▶ **What to produce**:
Make an exact copy of the records, leaving out the images.

===

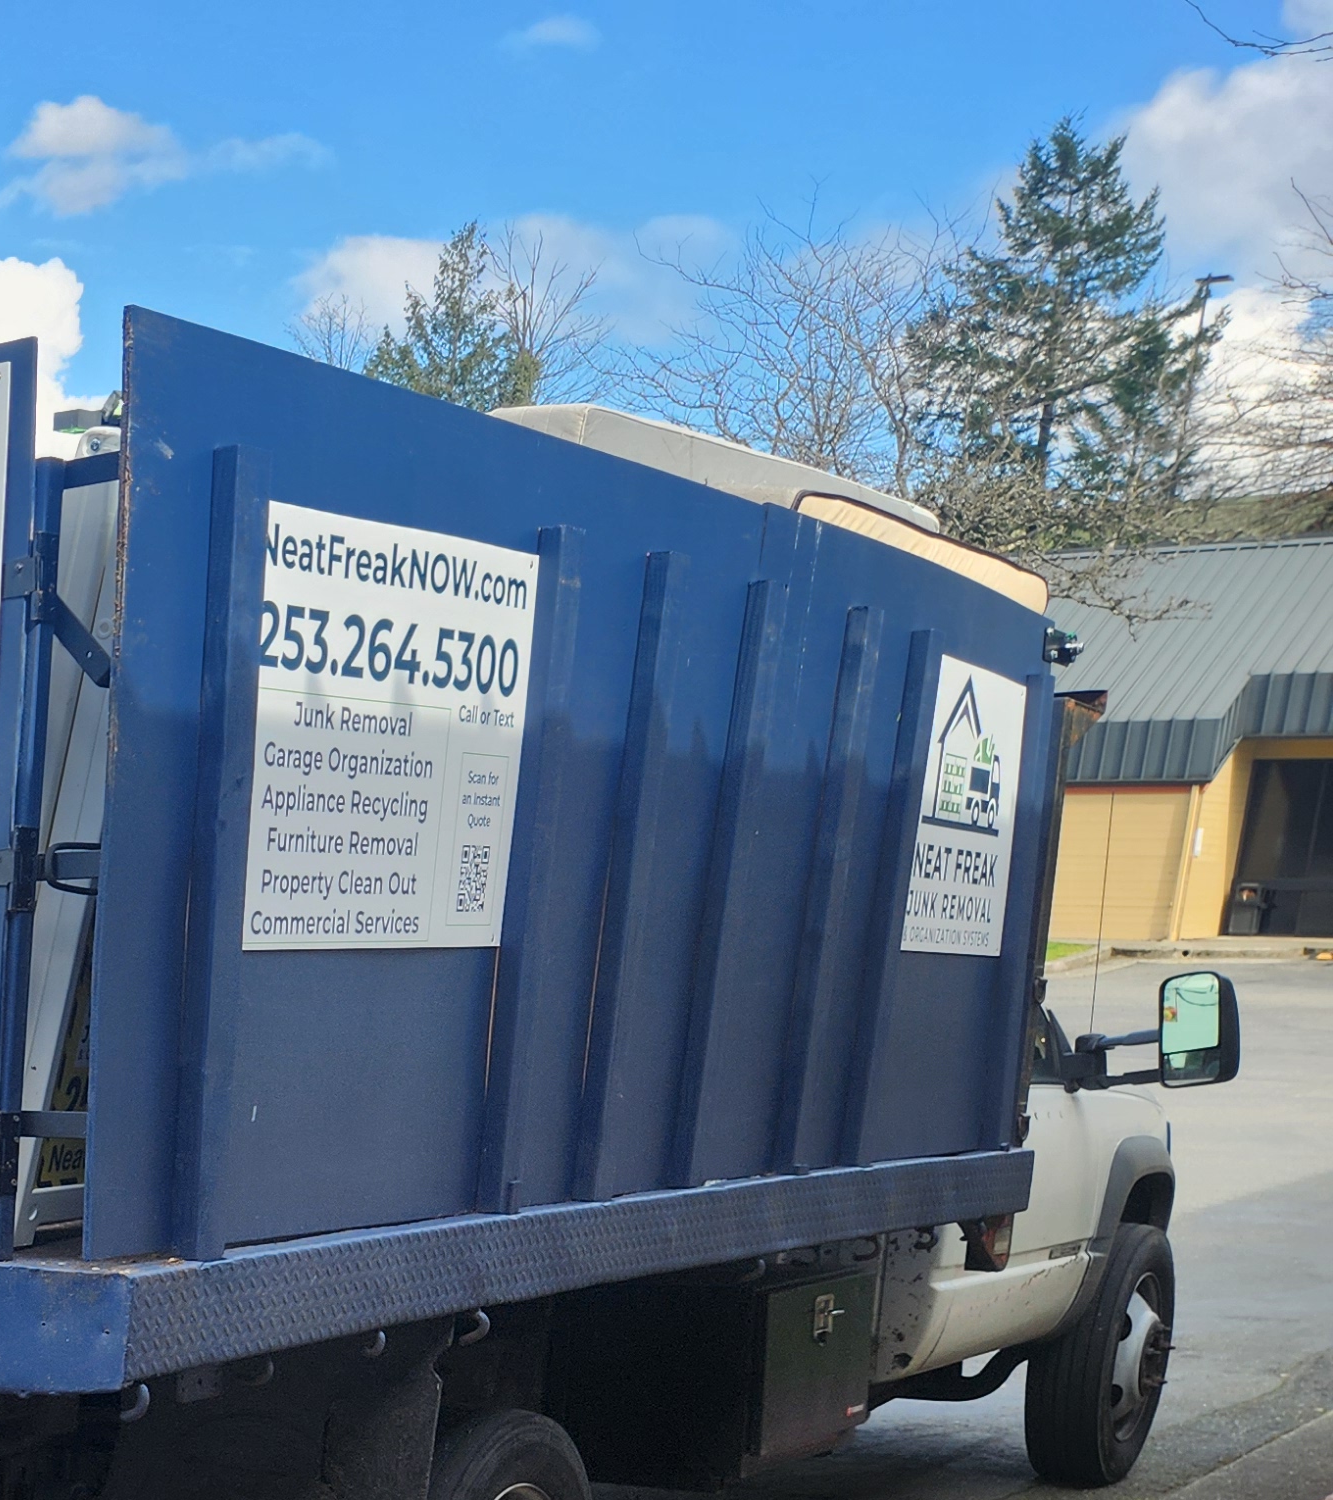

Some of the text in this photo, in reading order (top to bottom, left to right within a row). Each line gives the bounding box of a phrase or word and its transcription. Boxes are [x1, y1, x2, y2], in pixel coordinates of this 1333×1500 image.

[266, 524, 528, 610] NeatFreakNOW.com
[260, 600, 519, 698] 253.264.5300
[293, 702, 413, 737] Junk Removal
[459, 705, 515, 729] Call or Text
[264, 742, 433, 780] Garage Organization
[467, 771, 499, 786] Scan for
[261, 785, 428, 824] Appliance Recycling
[462, 791, 500, 808] an Instant
[467, 814, 491, 829] Quote
[267, 828, 418, 857] Furniture Removal
[913, 842, 998, 887] NEAT FREAK
[261, 870, 417, 900] Property Clean Out
[906, 890, 991, 923] JUNK REMOVAL
[250, 910, 419, 935] Commercial Services
[909, 926, 961, 945] ORGANIZATION

===

▶ **Task answer**:
Some of the text in this photo, in reading order (top to bottom, left to right within a row). Each line gives the bounding box of a phrase or word and its transcription. Boxes are [x1, y1, x2, y2], in pixel coordinates of this 1333×1500 image.

[266, 524, 528, 610] NeatFreakNOW.com
[260, 600, 519, 698] 253.264.5300
[293, 702, 413, 737] Junk Removal
[459, 705, 515, 729] Call or Text
[264, 742, 433, 780] Garage Organization
[467, 771, 499, 786] Scan for
[261, 785, 428, 824] Appliance Recycling
[462, 791, 500, 808] an Instant
[467, 814, 491, 829] Quote
[267, 828, 418, 857] Furniture Removal
[913, 842, 998, 887] NEAT FREAK
[261, 870, 417, 900] Property Clean Out
[906, 890, 991, 923] JUNK REMOVAL
[250, 910, 419, 935] Commercial Services
[909, 926, 961, 945] ORGANIZATION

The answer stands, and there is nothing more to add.